MessageContext — Header Propagation

MessageContext carries correlation, causation, and tenant identity across service boundaries. It must be initialized at an entry point. IntegrationEventDispatcher calls MessageContext.Initialize() automatically from incoming RabbitMQ headers before your handler is invoked.

Incoming headerMessageContext fieldDescription
x-correlation-idCorrelationIdTrace ID that spans the entire request chain
x-causation-idCausationIdID of the message that caused this event
x-tenant-idTenantIdTenant identifier for multi-tenant routing

Automatic Idempotency in IntegrationEventDispatcher

IntegrationEventDispatcher calls IIdempotencyService.TryCreateRequestAsync(messageId, eventName) before invoking any handler. If the MessageId already exists, the message is silently acknowledged and the handler is not invoked. No handler code changes are needed.

Key point: The same IIdempotencyService registration (Redis, EF, or caching) that guards IIdempotentRequest commands on the MediatR side also guards integration event handlers on the consume side.

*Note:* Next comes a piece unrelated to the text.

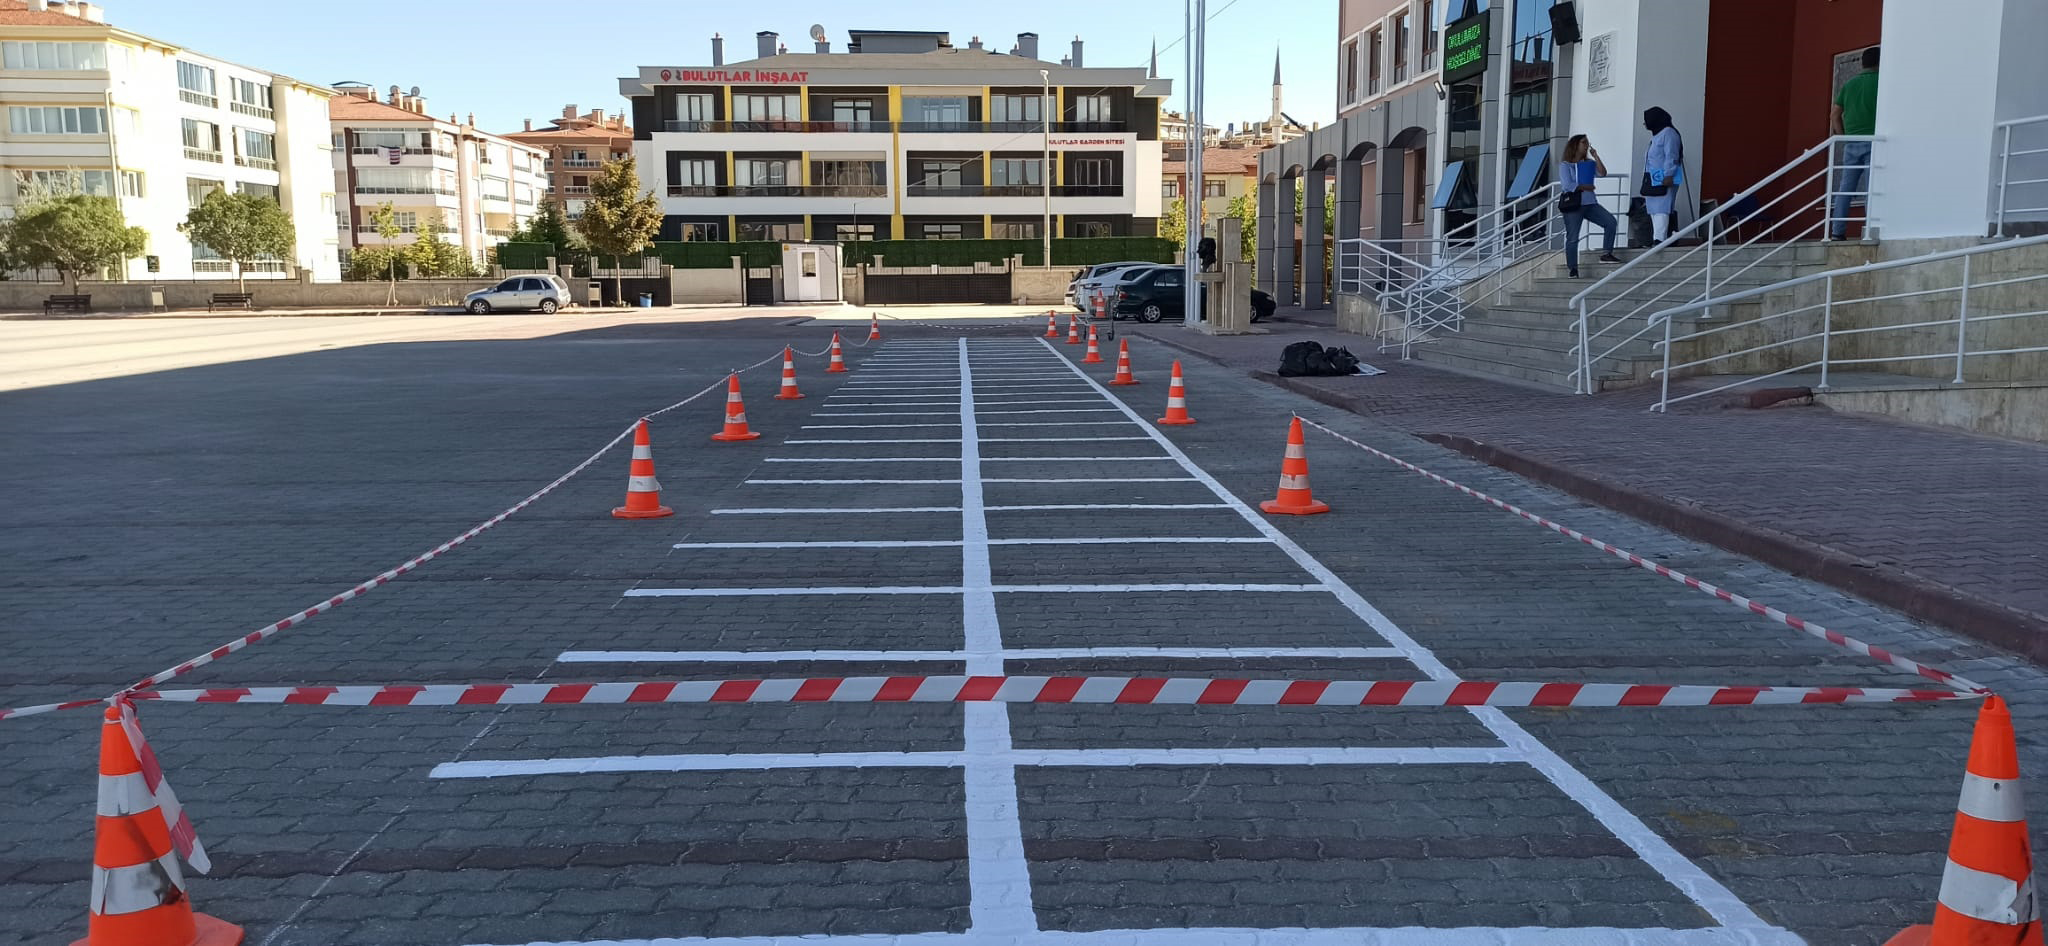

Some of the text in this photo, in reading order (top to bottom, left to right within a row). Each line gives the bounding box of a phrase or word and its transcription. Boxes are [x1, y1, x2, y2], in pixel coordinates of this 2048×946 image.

One backend registration covers both.


Health Check

services.AddHealthChecks()
    .AddRabbitMQHealthCheck("rabbitmq", tags: new[] { "ready" });

Include the ready tag in your readiness probe. The check verifies that the named RabbitMQ connection ("rabbitmq") can be established. If it returns Unhealthy, the service will not receive new messages until connectivity is restored.

Partial-setup health check (consumption without delivery): If your service only consumes (no outbox or delivery), register only AddRabbitMQHealthCheck — skip AddOutboxDeliveryHealthCheck (no delivery backlog to monitor).